Task goal: Copy each line below word for word and drop every image.

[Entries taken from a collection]
- Opening Delimiter -
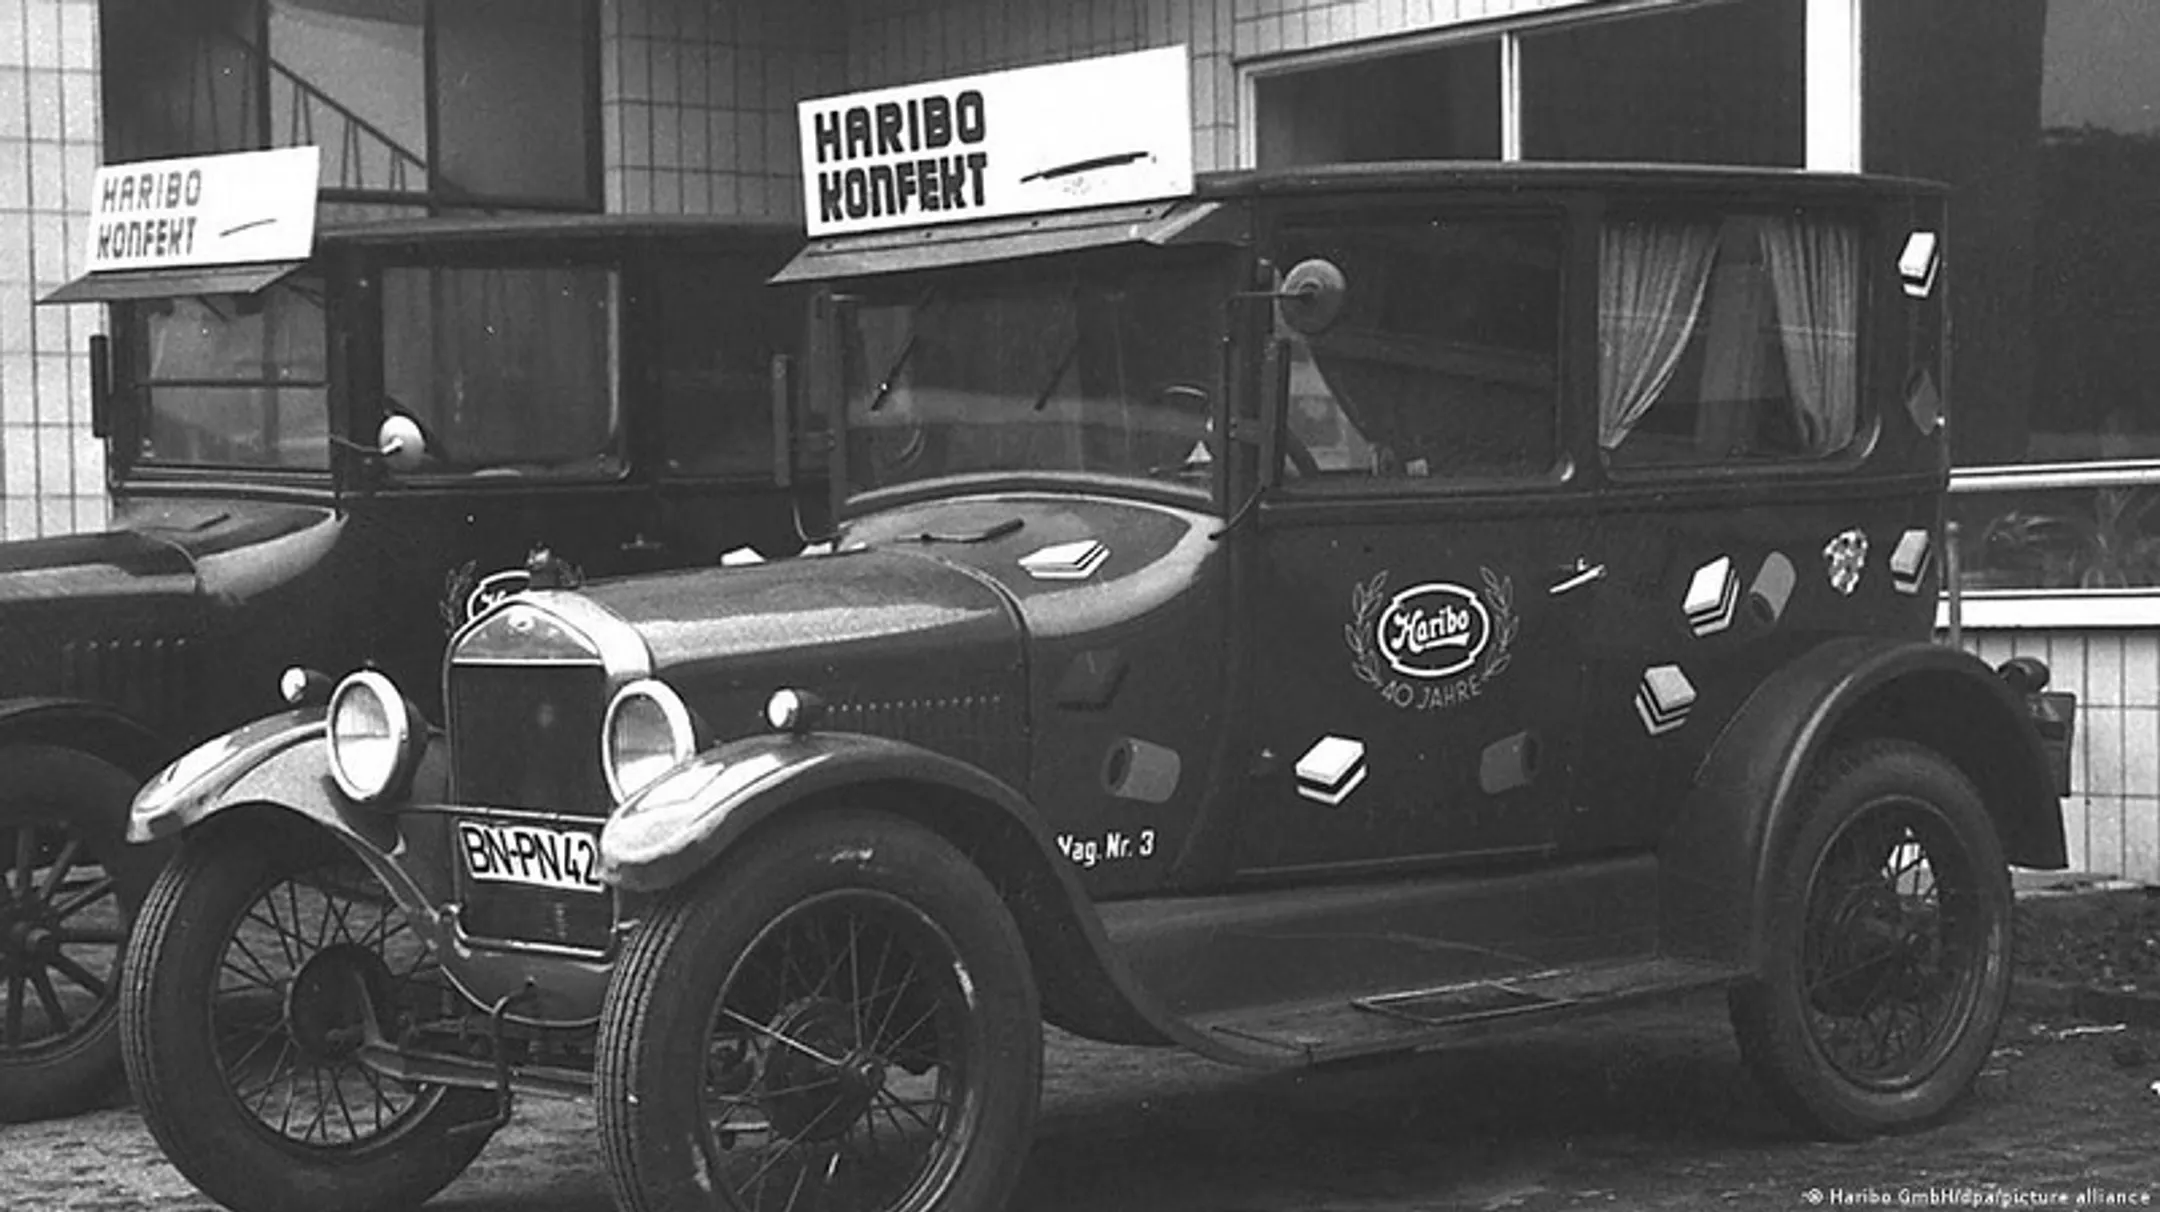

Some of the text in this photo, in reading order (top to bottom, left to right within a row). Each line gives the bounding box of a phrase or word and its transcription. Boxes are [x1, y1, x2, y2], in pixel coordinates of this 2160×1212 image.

[813, 90, 986, 163] HARIBO
[101, 169, 202, 213] HARIBO
[818, 151, 987, 223] KONFEKT
[97, 216, 198, 260] KONFEKT
[1391, 605, 1470, 653] Haribo
[1381, 674, 1483, 709] 40 JAHRE
[1106, 832, 1133, 859] Nr.
[1139, 830, 1155, 855] 3
- Closing Delimiter -
Answer space:
Some of the text in this photo, in reading order (top to bottom, left to right within a row). Each line gives the bounding box of a phrase or word and its transcription. Boxes are [x1, y1, x2, y2], in pixel coordinates of this 2160×1212 image.

[813, 90, 986, 163] HARIBO
[101, 169, 202, 213] HARIBO
[818, 151, 987, 223] KONFEKT
[97, 216, 198, 260] KONFEKT
[1391, 605, 1470, 653] Haribo
[1381, 674, 1483, 709] 40 JAHRE
[1106, 832, 1133, 859] Nr.
[1139, 830, 1155, 855] 3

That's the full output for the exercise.